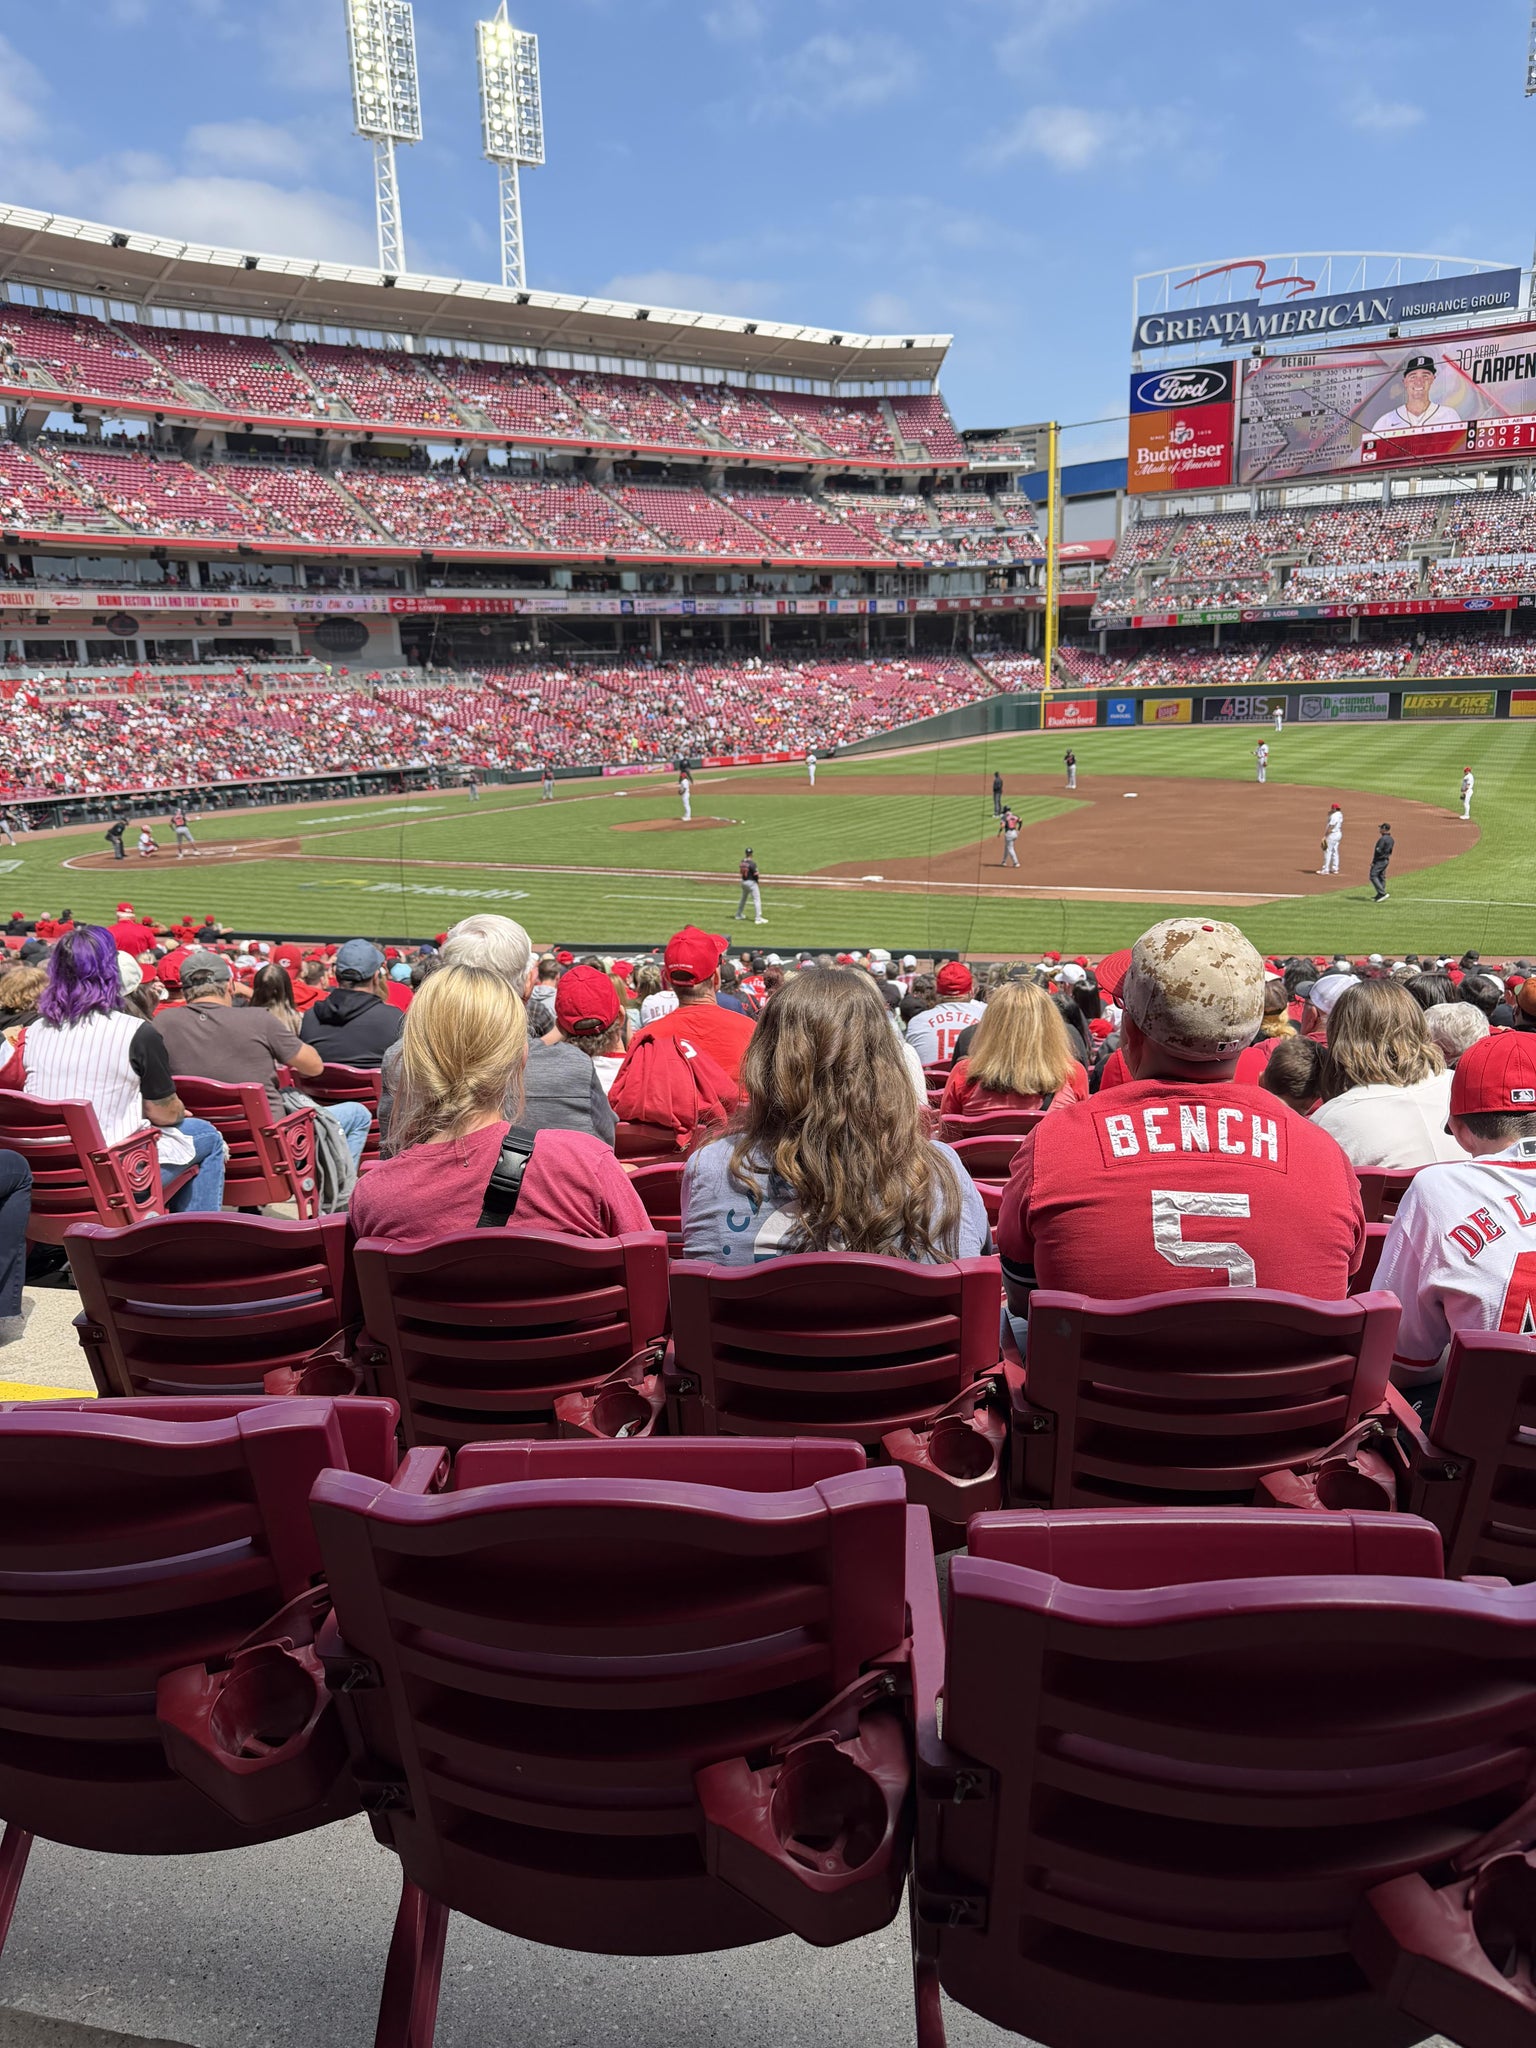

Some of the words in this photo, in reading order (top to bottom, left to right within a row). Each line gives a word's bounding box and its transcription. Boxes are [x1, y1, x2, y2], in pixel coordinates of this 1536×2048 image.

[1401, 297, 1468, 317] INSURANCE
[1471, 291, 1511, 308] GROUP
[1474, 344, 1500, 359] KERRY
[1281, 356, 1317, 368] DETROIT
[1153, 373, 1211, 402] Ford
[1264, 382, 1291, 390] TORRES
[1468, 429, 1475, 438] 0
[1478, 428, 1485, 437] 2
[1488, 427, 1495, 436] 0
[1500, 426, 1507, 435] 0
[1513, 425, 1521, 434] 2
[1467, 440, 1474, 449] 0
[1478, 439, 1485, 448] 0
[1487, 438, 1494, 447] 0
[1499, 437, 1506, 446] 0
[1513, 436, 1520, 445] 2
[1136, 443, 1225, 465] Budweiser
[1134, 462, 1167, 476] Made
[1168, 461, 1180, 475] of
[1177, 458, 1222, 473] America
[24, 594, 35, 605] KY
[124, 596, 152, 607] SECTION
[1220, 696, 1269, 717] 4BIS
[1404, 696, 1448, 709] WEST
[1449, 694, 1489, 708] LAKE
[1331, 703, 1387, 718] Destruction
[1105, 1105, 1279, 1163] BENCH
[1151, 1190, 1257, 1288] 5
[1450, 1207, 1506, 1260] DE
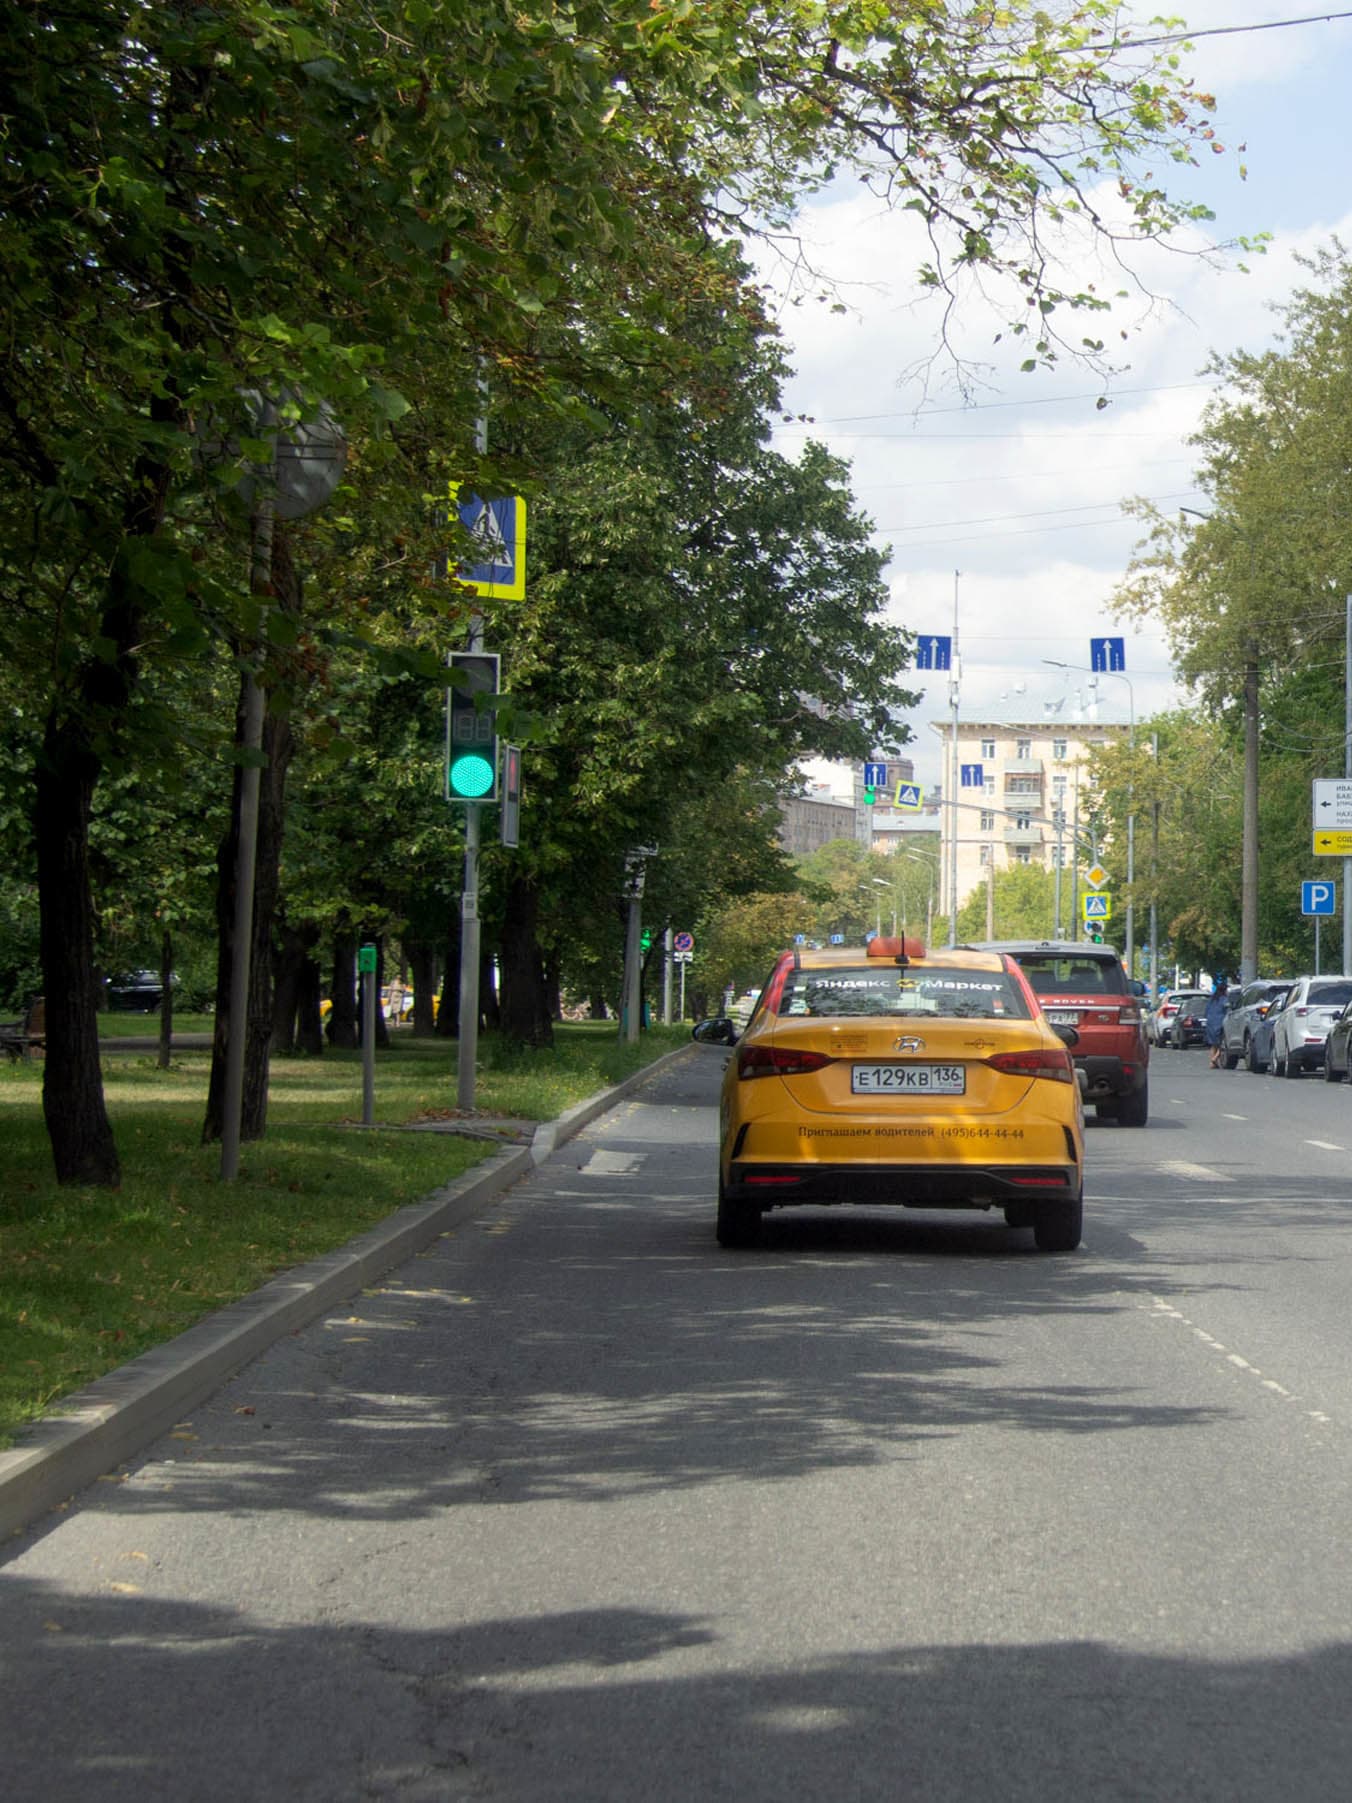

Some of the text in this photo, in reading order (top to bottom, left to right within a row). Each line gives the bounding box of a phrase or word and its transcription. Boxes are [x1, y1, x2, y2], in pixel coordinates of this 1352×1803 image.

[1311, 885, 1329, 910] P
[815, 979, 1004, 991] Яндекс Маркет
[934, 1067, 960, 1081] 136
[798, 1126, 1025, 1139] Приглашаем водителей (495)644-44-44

Task statement:
Copy each line above exactly. Images do not belong in the copy.

Answer area:
Some of the words in this photo, in reading order (top to bottom, left to right within a row). Each line gives a word's bounding box and its transcription. Boxes are [x1, y1, x2, y2], in pixel coordinates of this 1536×2048 image.

[1401, 297, 1468, 317] INSURANCE
[1471, 291, 1511, 308] GROUP
[1474, 344, 1500, 359] KERRY
[1281, 356, 1317, 368] DETROIT
[1153, 373, 1211, 402] Ford
[1264, 382, 1291, 390] TORRES
[1468, 429, 1475, 438] 0
[1478, 428, 1485, 437] 2
[1488, 427, 1495, 436] 0
[1500, 426, 1507, 435] 0
[1513, 425, 1521, 434] 2
[1467, 440, 1474, 449] 0
[1478, 439, 1485, 448] 0
[1487, 438, 1494, 447] 0
[1499, 437, 1506, 446] 0
[1513, 436, 1520, 445] 2
[1136, 443, 1225, 465] Budweiser
[1134, 462, 1167, 476] Made
[1168, 461, 1180, 475] of
[1177, 458, 1222, 473] America
[24, 594, 35, 605] KY
[124, 596, 152, 607] SECTION
[1220, 696, 1269, 717] 4BIS
[1404, 696, 1448, 709] WEST
[1449, 694, 1489, 708] LAKE
[1331, 703, 1387, 718] Destruction
[1105, 1105, 1279, 1163] BENCH
[1151, 1190, 1257, 1288] 5
[1450, 1207, 1506, 1260] DE

Some of the text in this photo, in reading order (top to bottom, left to right within a row). Each line gives the bounding box of a phrase or word and its transcription. Boxes are [x1, y1, x2, y2], in pixel coordinates of this 1352×1803 image.

[1311, 885, 1329, 910] P
[815, 979, 1004, 991] Яндекс Маркет
[934, 1067, 960, 1081] 136
[798, 1126, 1025, 1139] Приглашаем водителей (495)644-44-44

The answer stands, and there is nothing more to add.